A kludge or kluge (/klʌdʒ, kluːdʒ/) is a workaround or makeshift solution that is clumsy, inelegant, inefficient, difficult to extend, and hard to maintain. Its only benefit is that it rapidly solves an important problem using available resources. A famous example is the improvised scrubber that kept the astronauts alive on Apollo 13. This term is used in diverse fields such as computer science, aerospace engineering, Internet slang, evolutionary neuroscience, animation and government. It is similar in meaning to the naval term jury rig.

== Etymology ==
The word has alternate spellings (kludge and kluge), pronunciations (/klʌdʒ/ and /kluːdʒ/, rhyming with judge and stooge, respectively), and several proposed etymologies.

=== Jackson W. Granholm ===
The Oxford English Dictionary (2nd ed., 1989), cites Jackson W. Granholm's 1962 "How to Design a Kludge" article in the American computer magazine Datamation.

kludge //kluːdʒ// Also kluge. (J. W. Granholm's jocular invention: see first quot.; cf. also bodge v., fudge v.)
'An ill-assorted collection of poorly-matching parts, forming a distressing whole' (Granholm); esp. in Computing, a machine, system, or program that has been improvised or 'bodged' together; a hastily improvised and poorly thought-out solution to a fault or 'bug'. ...
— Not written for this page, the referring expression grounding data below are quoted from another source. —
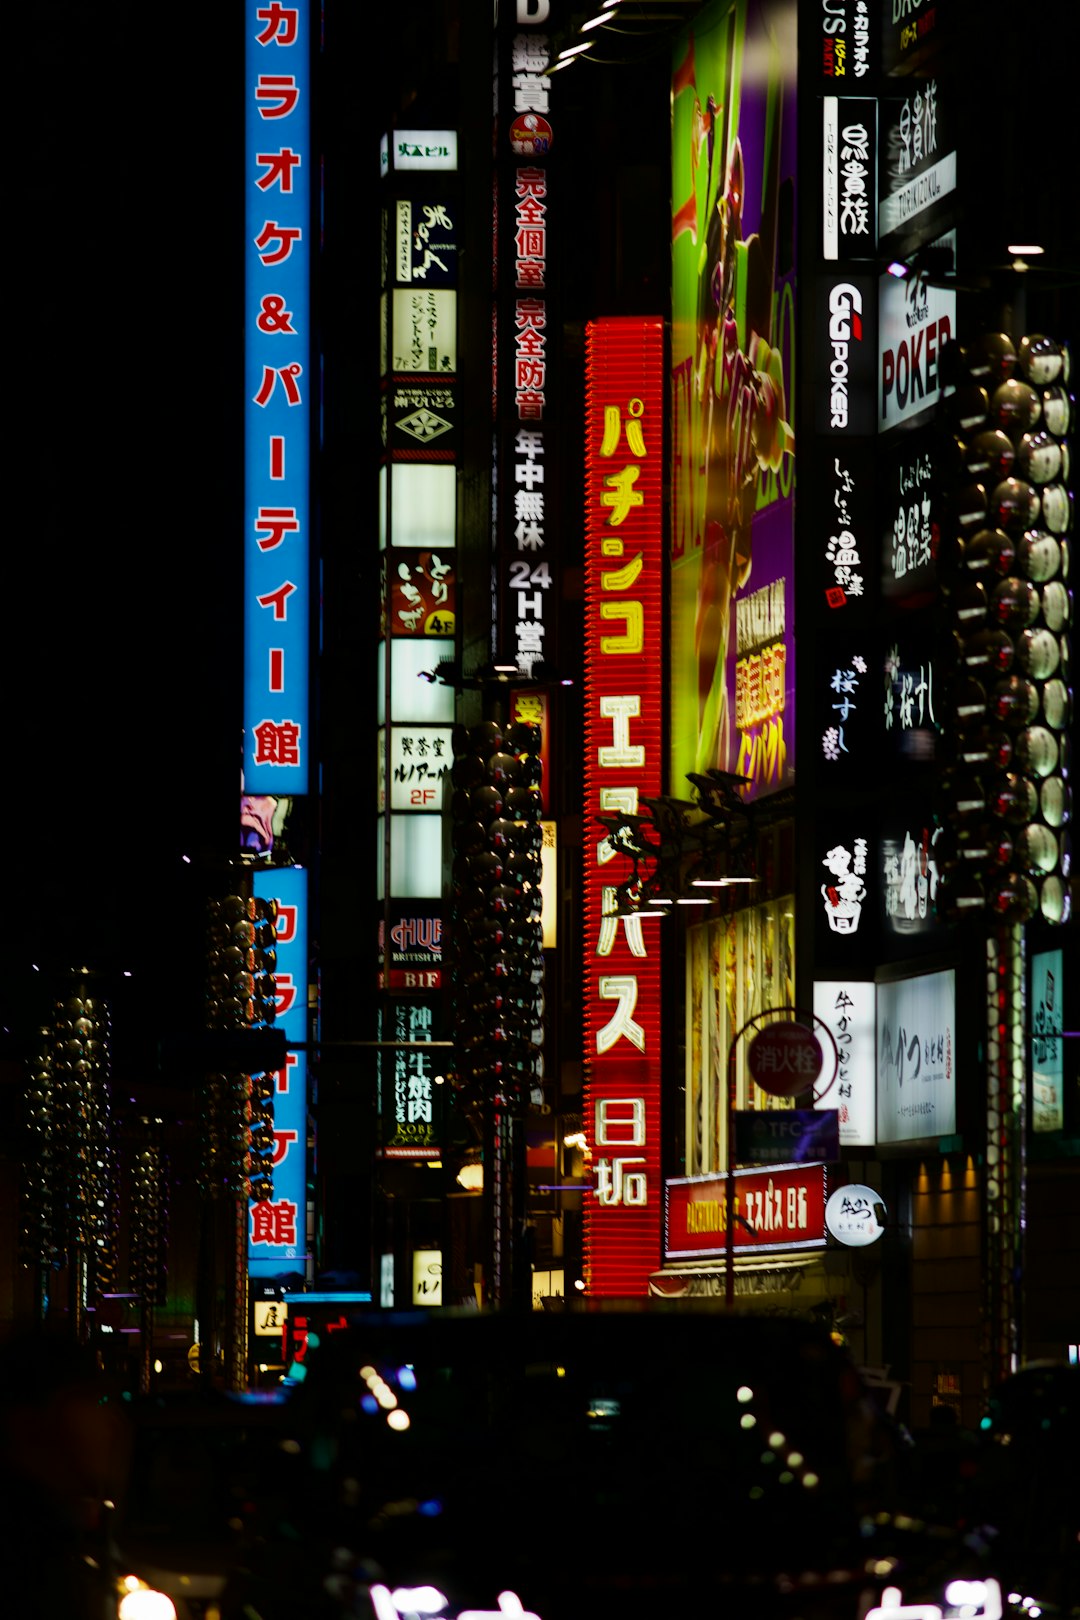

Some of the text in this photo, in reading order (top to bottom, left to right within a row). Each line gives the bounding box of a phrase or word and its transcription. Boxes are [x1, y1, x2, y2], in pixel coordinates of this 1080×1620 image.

[515, 165, 547, 290] 完全個室
[253, 2, 303, 768] カラオケ&パーティー館
[515, 297, 547, 421] 完全防音
[514, 428, 545, 551] 年中無休
[598, 397, 648, 655] パチンコ
[429, 616, 453, 635] 4F
[829, 668, 860, 754] 桜すし
[410, 789, 437, 806] 2F
[392, 952, 431, 963] BRITISH
[404, 971, 439, 988] B1F
[755, 1043, 817, 1074] 消火栓
[593, 1097, 649, 1207] 日拓
OED defines these two kludge cognates as: bodge 'to patch or mend clumsily' and fudge 'to fit together or adjust in a clumsy, makeshift, or dishonest manner'. The OED entry also includes the verb kludge ('to improvise with a kludge or kludges') and kludgemanship ('skill in designing or applying kludges').

Granholm humorously imagined a fictitious source for the term:

Phineas Burling is the chief calligrapher with the Fink and Wiggles Publishing Company, Inc. ... According to Burling, the word "kludge" first appeared in the English language in the early fifteen-hundreds. ...
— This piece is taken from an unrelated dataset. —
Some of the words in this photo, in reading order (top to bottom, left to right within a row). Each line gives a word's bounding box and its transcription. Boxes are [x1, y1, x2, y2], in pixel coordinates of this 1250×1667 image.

The word "kludge" is, according to Burling, derived from the same root as the German klug (Dutch kloog, Swedish klag, Danish klog, Gothic klaugen, Lettish [Latvian] kladnis and Sanskrit veklaunn), originally meaning 'smart' or 'witty'. In the typical machinations of language in evolutionary growth, the word "kludge" eventually came to mean 'not so smart' or 'pretty ridiculous' .... Today "kludge" forms one of the most beloved words in design terminology, and it stands ready for handy application to the work of anyone who gins up 110-volt circuitry to plug into the 220 VAC source. The building of a kludge, however, is not work for amateurs.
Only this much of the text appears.